Camillo di Christian RoccaCome vincere in Iraq (introduzione al saggio)

Nei circoli intellettuali di Washington, così come al Pentagono, l’articolo di Andrew F. Krepinevich proposto dal Foglio in queste due pagine è il saggio più letto, più discusso e più citato del momento. “How to win Iraq – Come vincere in Iraq” offre alla Casa Bianca e ai vertici del dipartimento della Difesa una precisa strategia militare per sconfiggere sul campo i nostalgici del dittatore iracheno e i terroristi arabo-islamici. Il testo è stato pubblicato sul numero di settembre/ottobre di Foreign Affairs, la rivista del Council on Foreign Relations, ossia il centro studi dell’establishment americano non bushiano. Krepinevich accusa l’Amministrazione di non avere un piano coerente per vincere in Iraq, ma ovviamente si guarda bene dal suggerire soluzioni zapaterian-prodiane perché sa benissimo che aiuterebbero gli stragisti di Zarqawi e i fascisti islamici di bin Laden. Il suo ragionamento è serio: per sconfiggere i terroristi e conquistare “i cuori e le menti” degli iracheni, scrive il professore della George Mason University, non è sufficiente farli votare e aiutarli a sviluppare le istituzioni democratiche. Quello è l’obiettivo finale, e non va confuso con la strategia per raggiungerlo.

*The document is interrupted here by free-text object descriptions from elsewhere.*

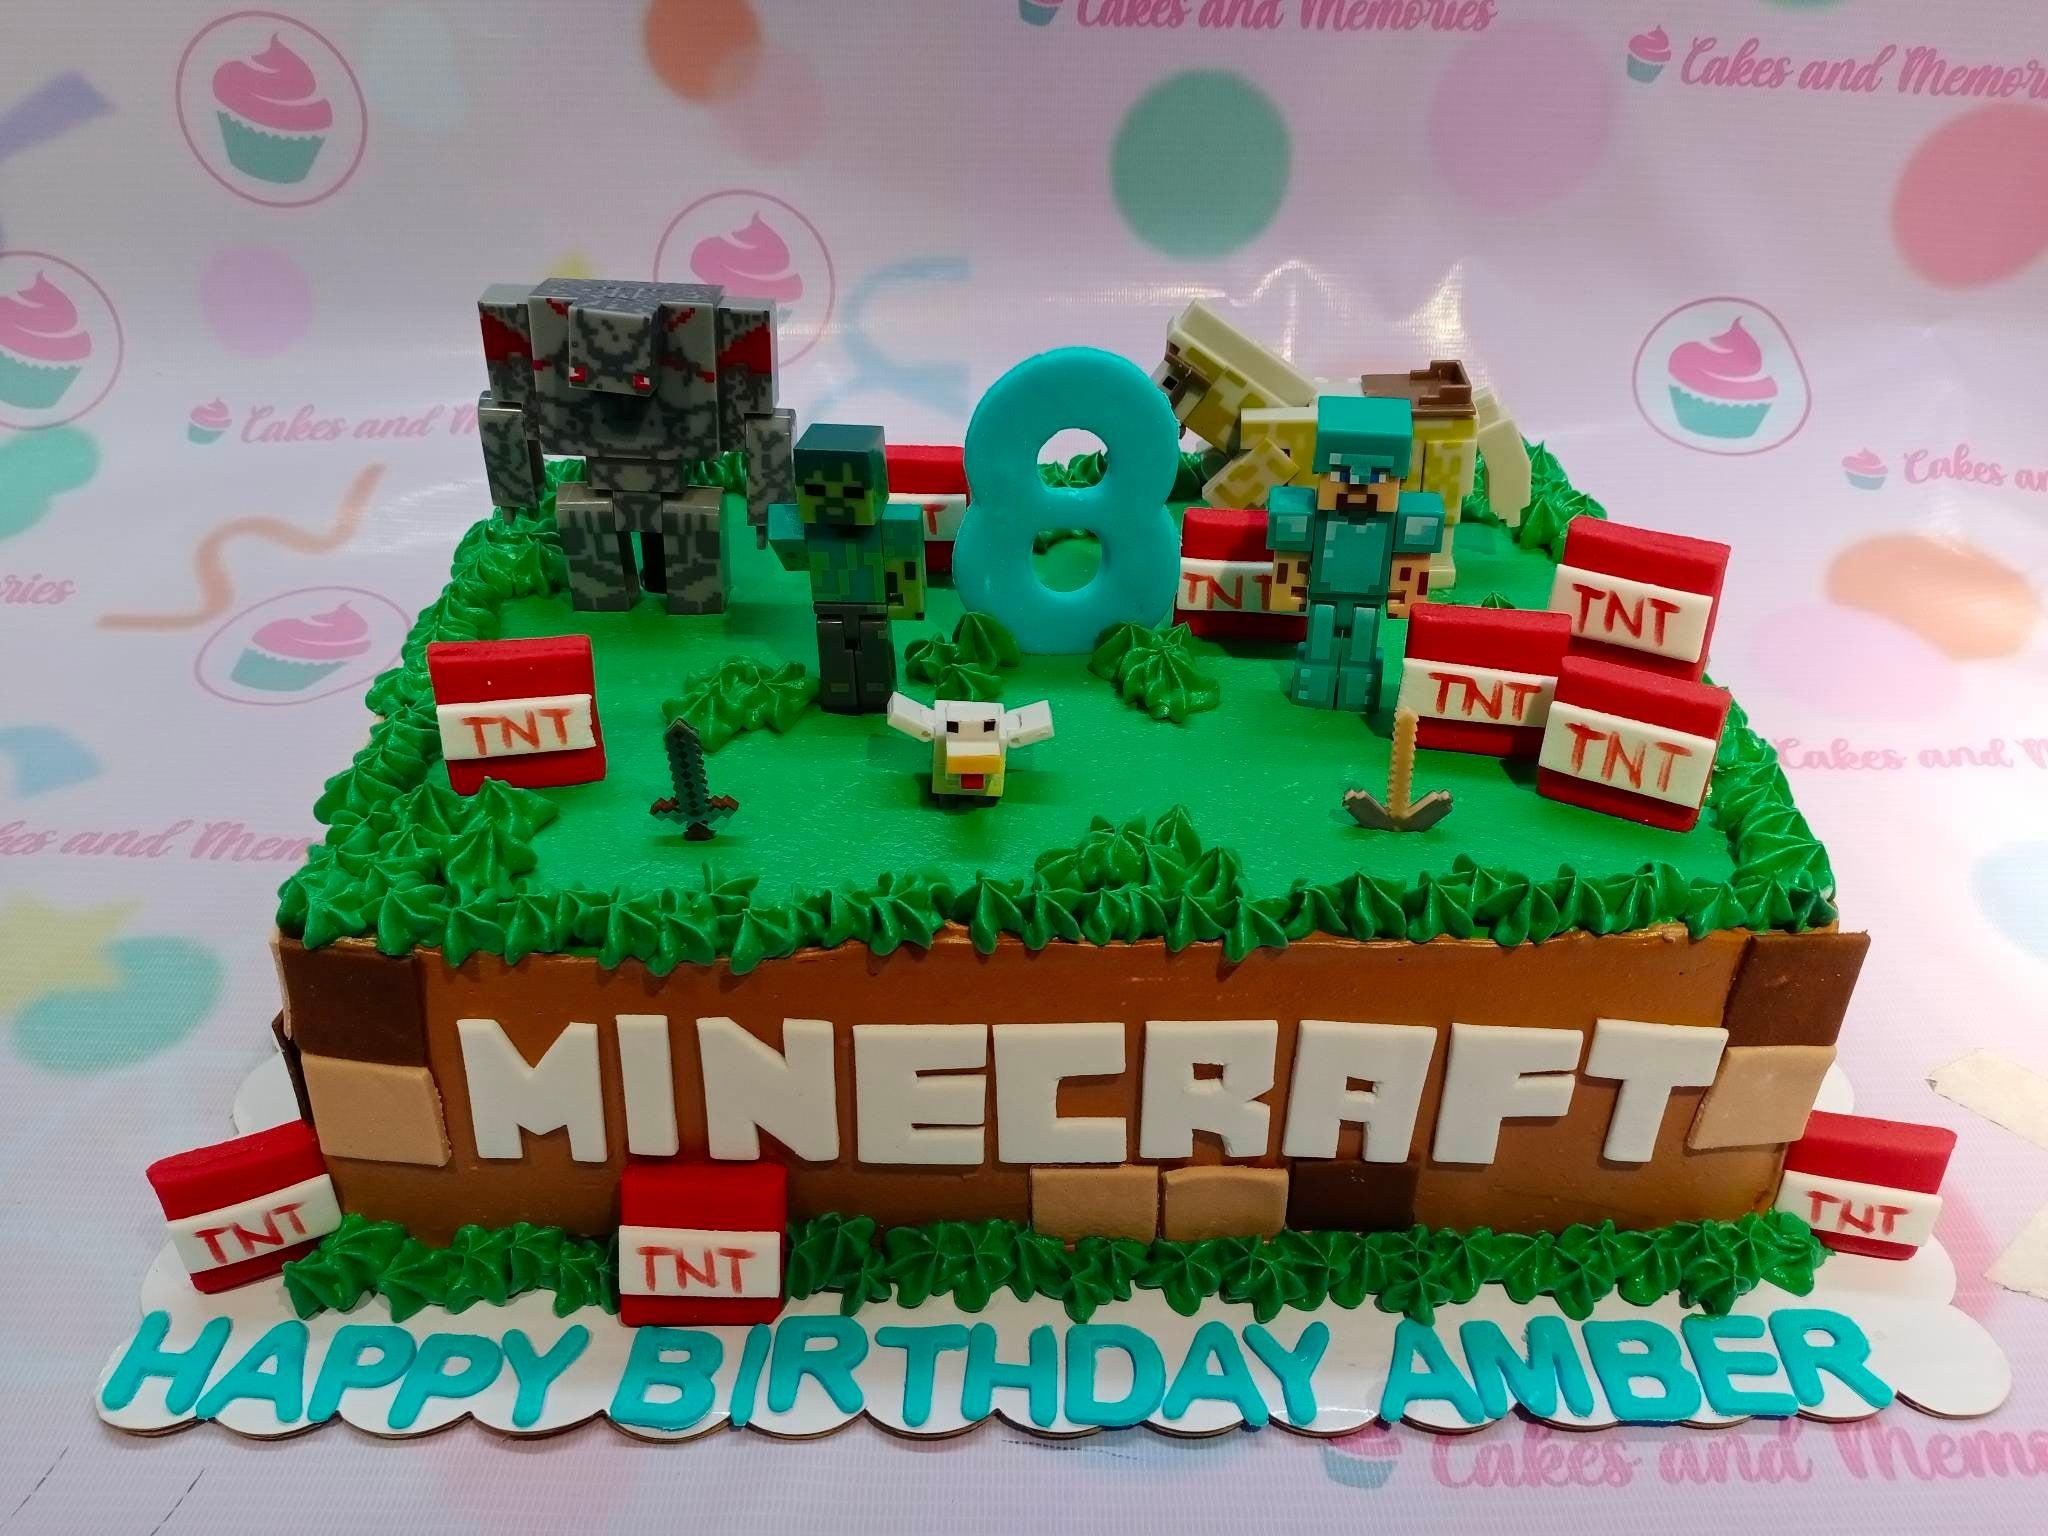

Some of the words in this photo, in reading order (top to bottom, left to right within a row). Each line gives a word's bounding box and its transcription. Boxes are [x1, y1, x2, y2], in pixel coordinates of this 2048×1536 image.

[1681, 37, 1793, 89] Cakes
[1797, 44, 1897, 93] and
[241, 404, 347, 443] Cakes
[353, 404, 445, 438] and
[1903, 443, 2007, 486] Cakes
[953, 346, 1181, 655] 8
[1573, 583, 1681, 647] TNT
[1428, 672, 1542, 721] TNT
[460, 707, 573, 756] TNT
[1564, 721, 1694, 793] TNT
[1774, 738, 1907, 770] Cakes
[1918, 738, 2014, 769] and
[60, 819, 194, 858] and
[456, 1014, 1729, 1166] MINECRAFT
[192, 1202, 308, 1265] TNT
[1806, 1190, 1912, 1235] TNT
[636, 1246, 757, 1294] TNT
[98, 1309, 594, 1429] HAPPY
[608, 1313, 1330, 1428] BIRTHDAY
[1379, 1307, 1899, 1426] AMBER
[1431, 1422, 1642, 1488] Cakes
[1658, 1416, 1814, 1484] and
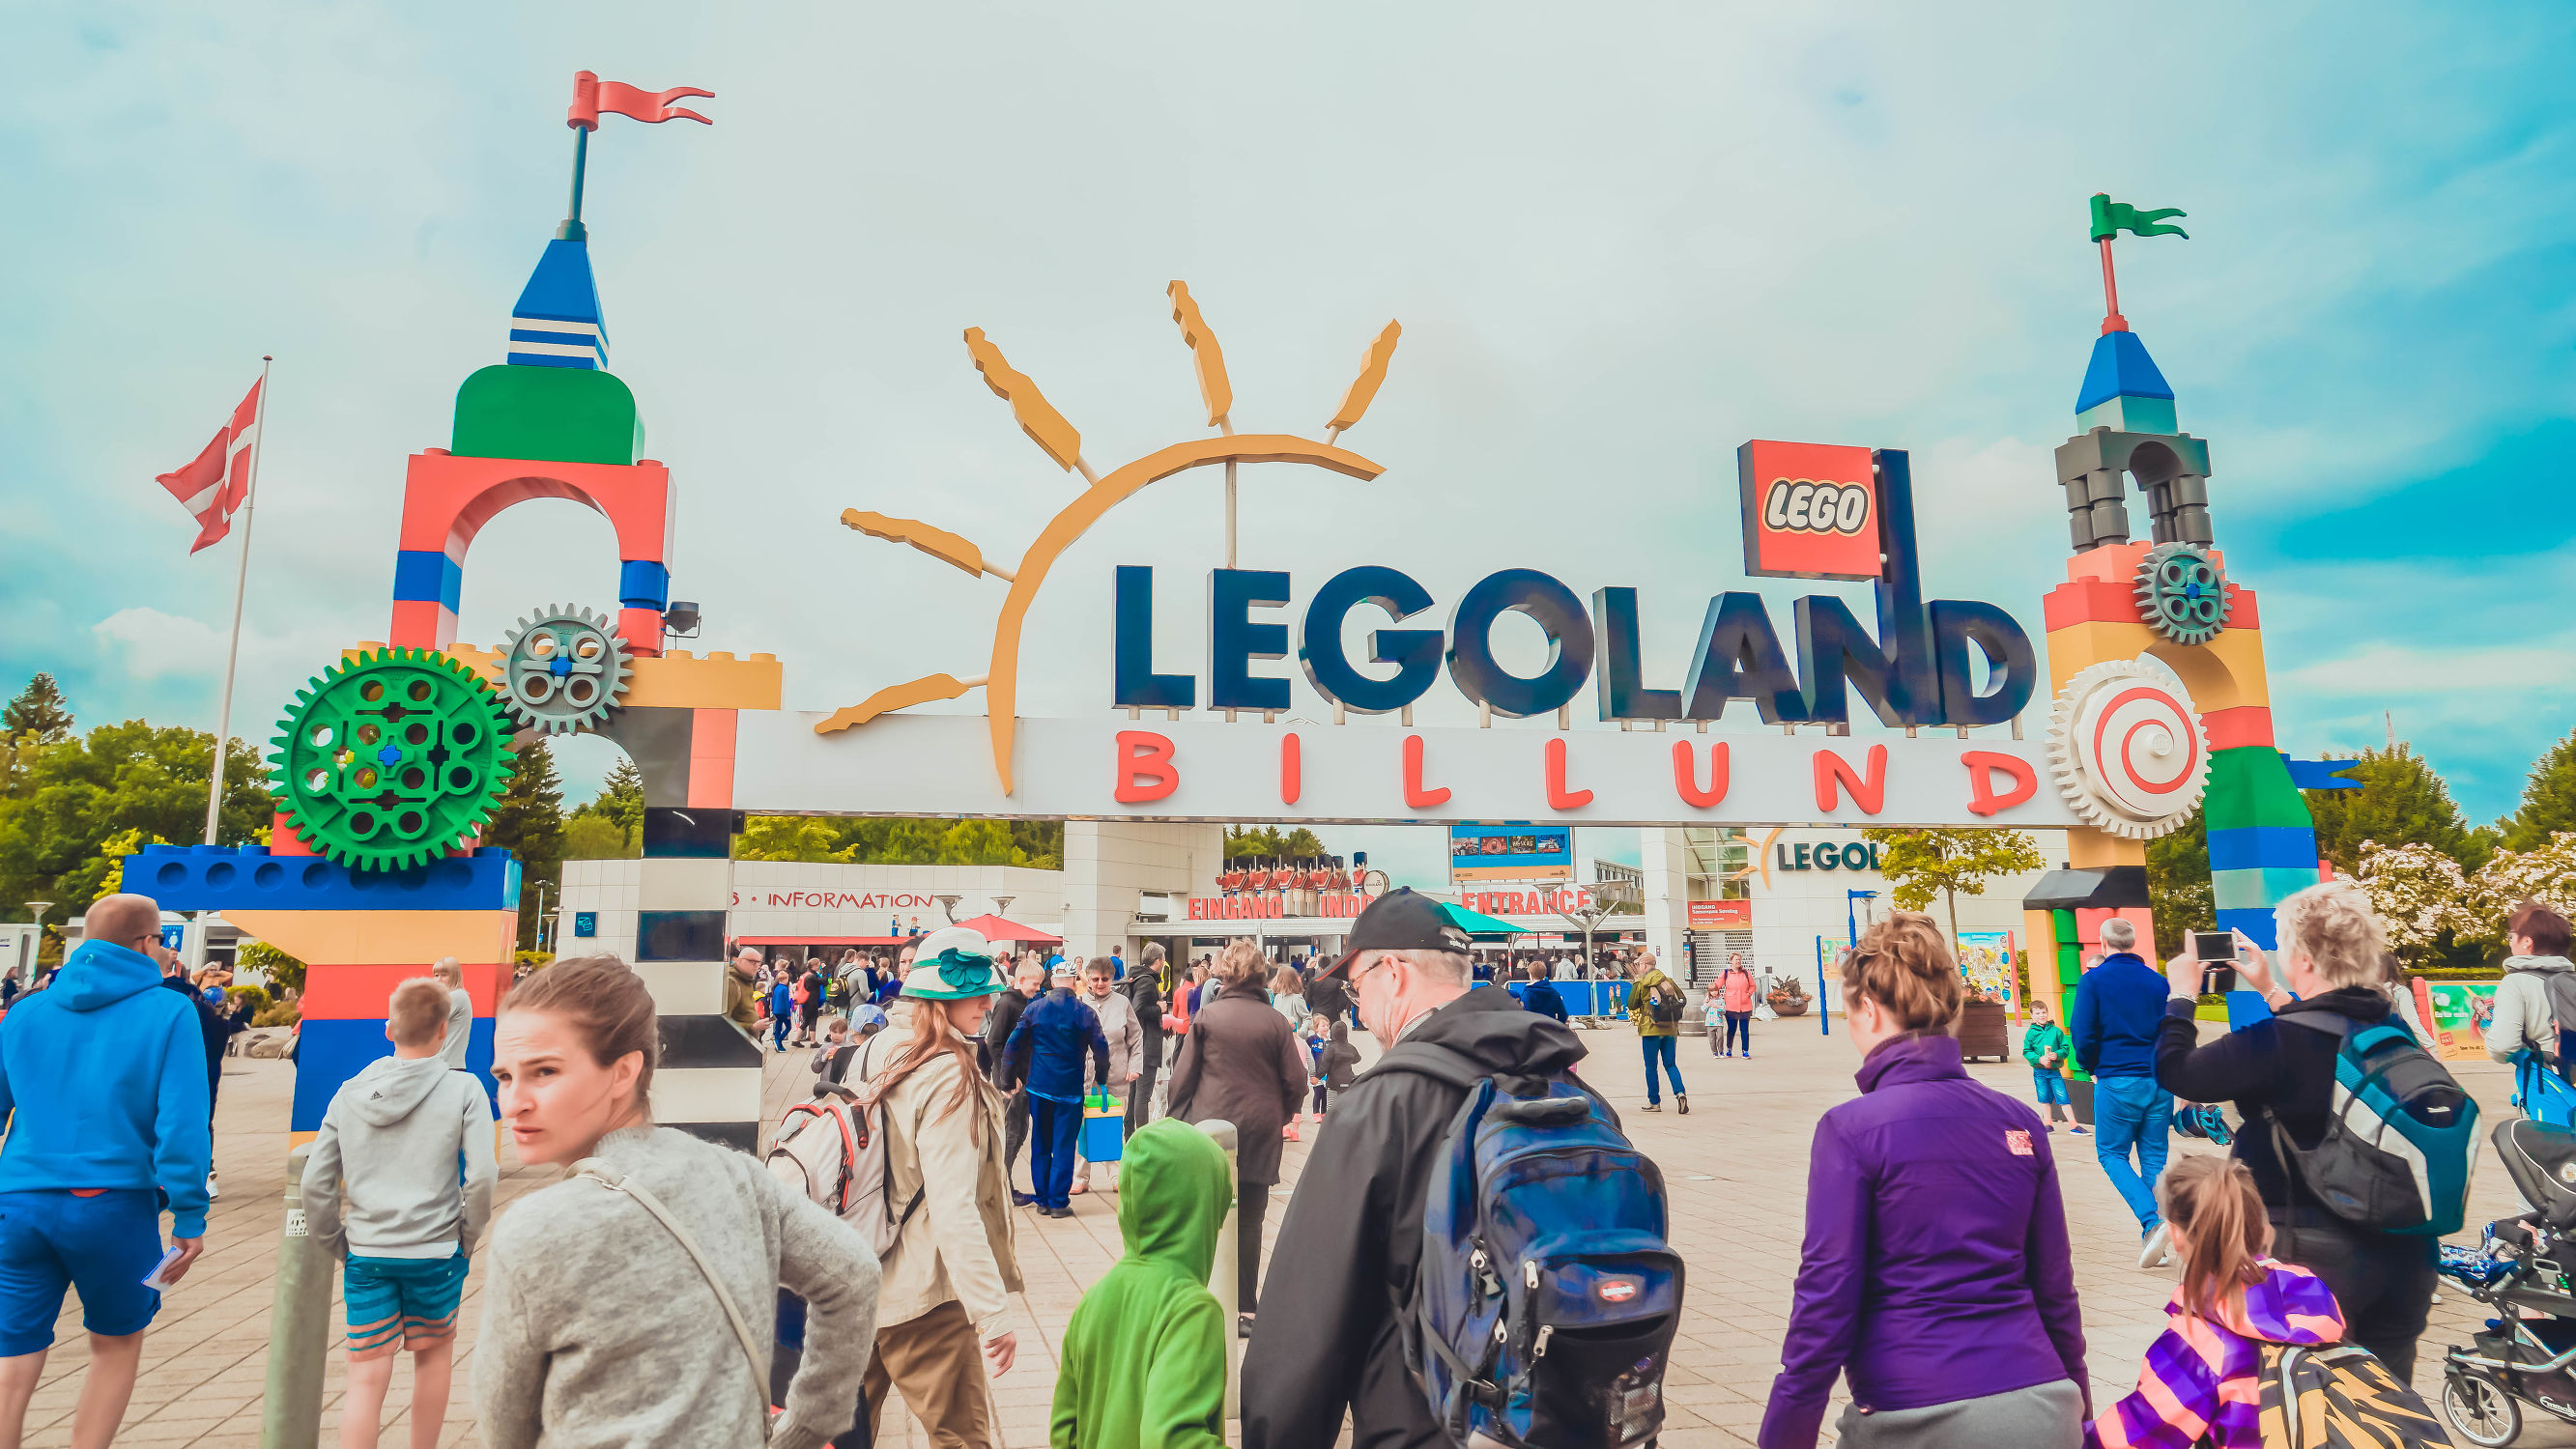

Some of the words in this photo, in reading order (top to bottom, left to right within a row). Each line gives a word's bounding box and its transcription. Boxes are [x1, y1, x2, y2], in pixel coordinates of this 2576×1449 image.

[1765, 479, 1868, 533] LEGO
[1111, 563, 2037, 727] LEGOLAND
[1113, 729, 2038, 816] BILLUND
[767, 891, 934, 909] INFORMATION
[1188, 896, 1284, 921] EINGANG
[1462, 890, 1591, 916] ENTRANCE

Per Bush, invece, spesso le due cose coincidono: la Casa Bianca crede che in Iraq ogni passaggio democratico (il trasferimento della sovranità, il governo, le elezioni, la Costituzione, il referendum) costituisca di per sé non solo un passo avanti verso un Iraq normale, ma anche un colpo decisivo assestato ai terroristi. Krepinevich non è d’accordo: i terroristi vanno sconfitti militarmente. Da qui la sua strategia “a macchia d’olio” spiegata in queste pagine. Un contributo interessante, da leggere, studiare e discutere ma a patto che ci si ricordi di una cosa: finché Siria, Iran e Arabia Saudita saranno liberi di esportare odio, morte e terrorismo, in Iraq sarà difficile “vincere”.